Goodell has recently said that he was wrong for his previous approach on players protesting and now says he respects their decision should they choose to peacefully protest during the games.

NFL executive vice president of football operations Troy Vincent echoed this position saying, “They all have that choice and that individual right to sit out and protest.”

Goodell also discussed one of the major differences in this season, which is a lack of fans at most stadiums. While some teams are allowing a limited number of fans at games from the start, most have either made the decision to not have fans at all this season, or at least not in September.

Many are wondering if the lack of overarching policy from the league will cause a disparity in competition, with some teams having a home field advantage.
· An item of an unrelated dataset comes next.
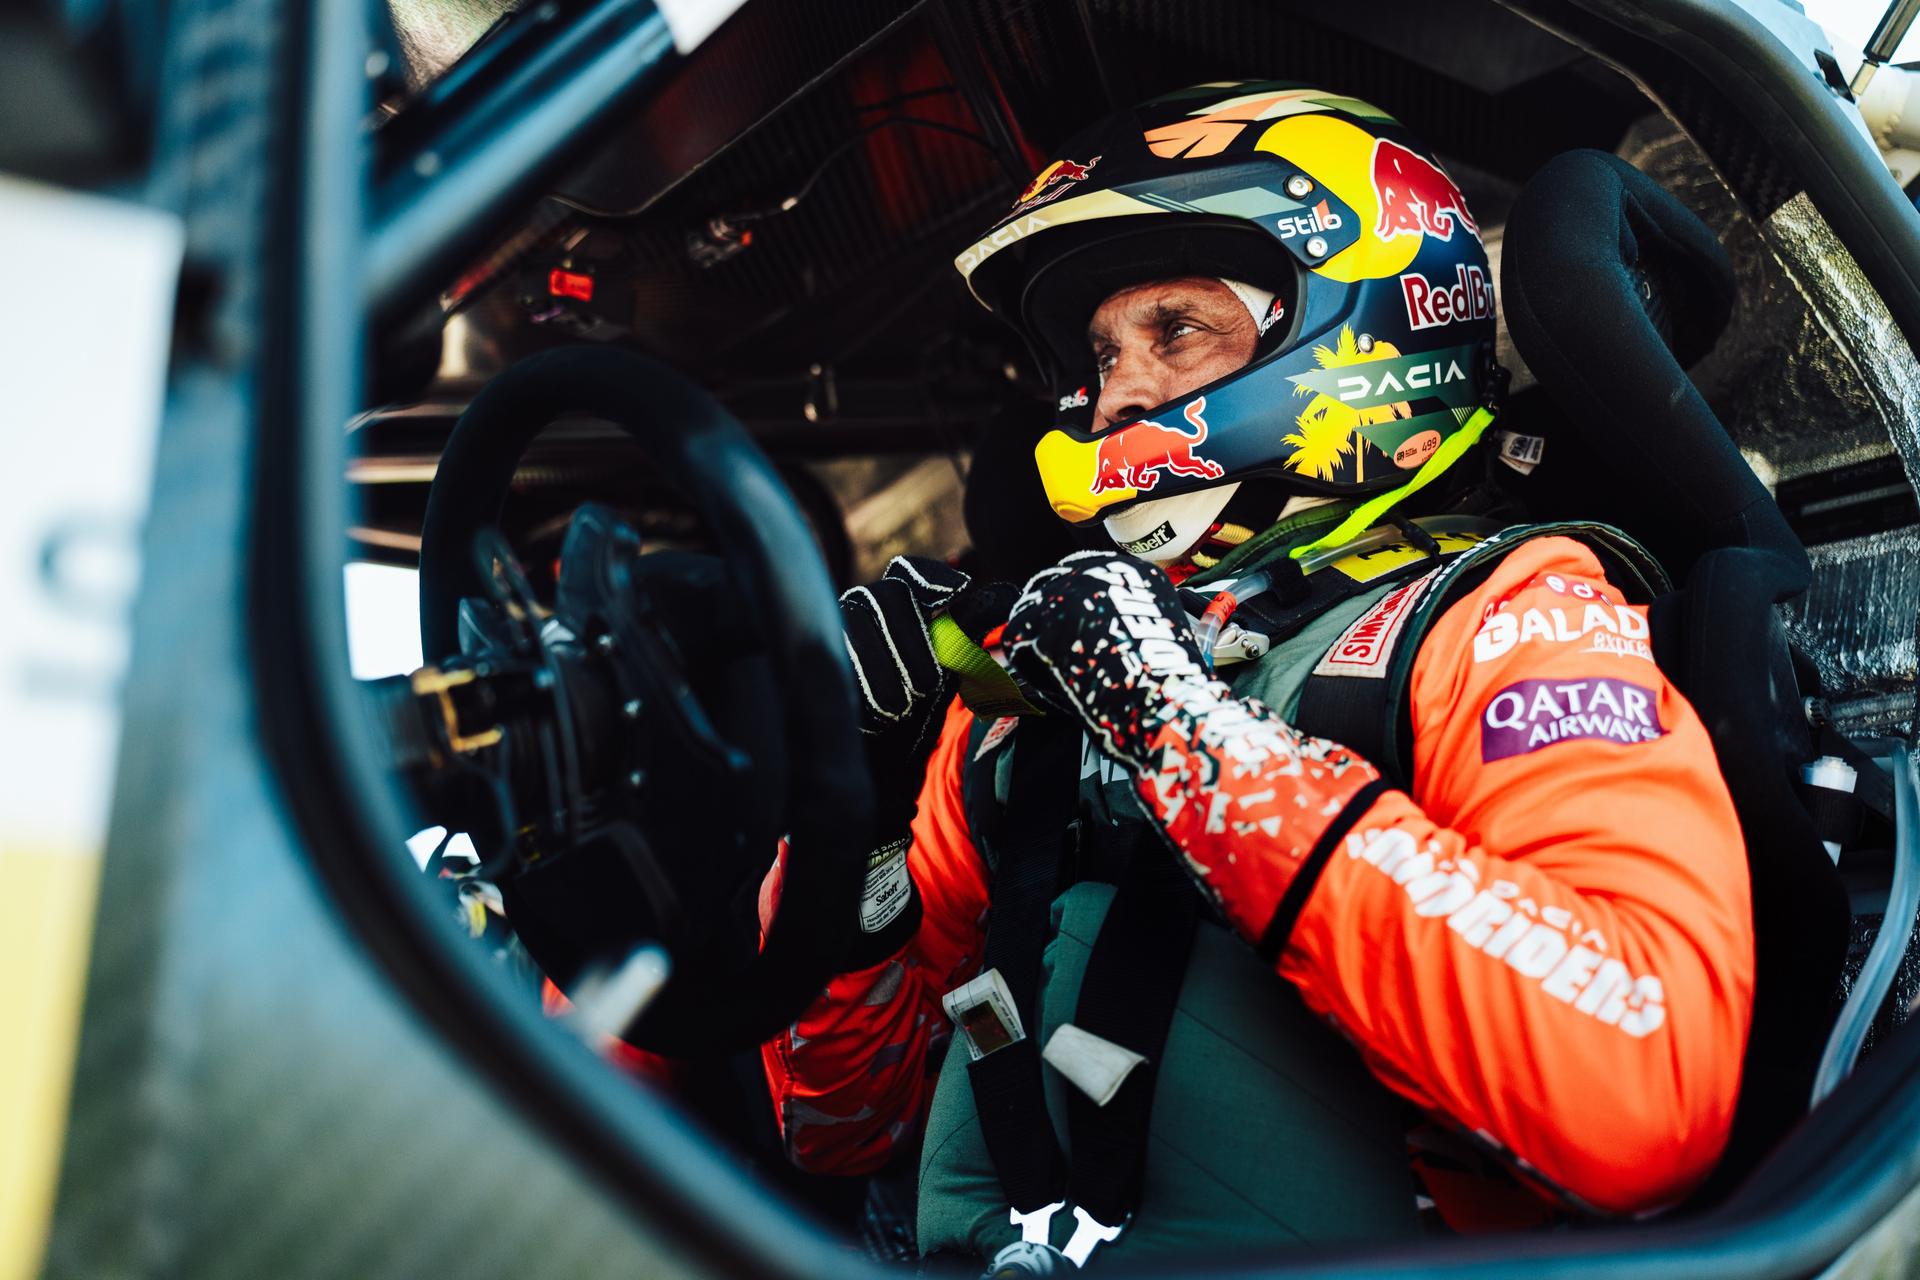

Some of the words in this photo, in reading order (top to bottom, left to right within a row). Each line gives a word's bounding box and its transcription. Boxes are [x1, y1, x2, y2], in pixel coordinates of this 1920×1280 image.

Goodell says the league does not think there’s any advantage between those welcoming in fans and those who are not able to, either by choice or local regulations. 

“We do not believe it’s a competitive advantage. We discussed it very early on with our Competition Committee and with our clubs. We do not see that,” he said. 

“We obviously have varying capacities across the league, and from our standpoint, we want to invite our fans in if we can do it safely and we can do it with the full support of local officials. We think our fans want to come the stadium.”

He also brought up the lingering question of safety and their expectation of finishing the season. 

“We’re looking to start and complete the season on time,” Goodell said. “We have to put ourselves in the best possible position to complete the season. We will remain vigilant and adapt to circumstances as needed.”

He says while he believes the minimal positive COVID-19 cases show what they’re doing is working, he wants to make sure the league does not “get comfortable.”

He admits there’s still a lot of uncertainty. 

“We’re not patting ourselves on the back yet,” he said. “It will not be easy, and it will be different. But we are prepared.”

The season kicks off on Thursday, September 10 with the defending Super Bowl champion Kansas City Chiefs hosting the Houston Texas.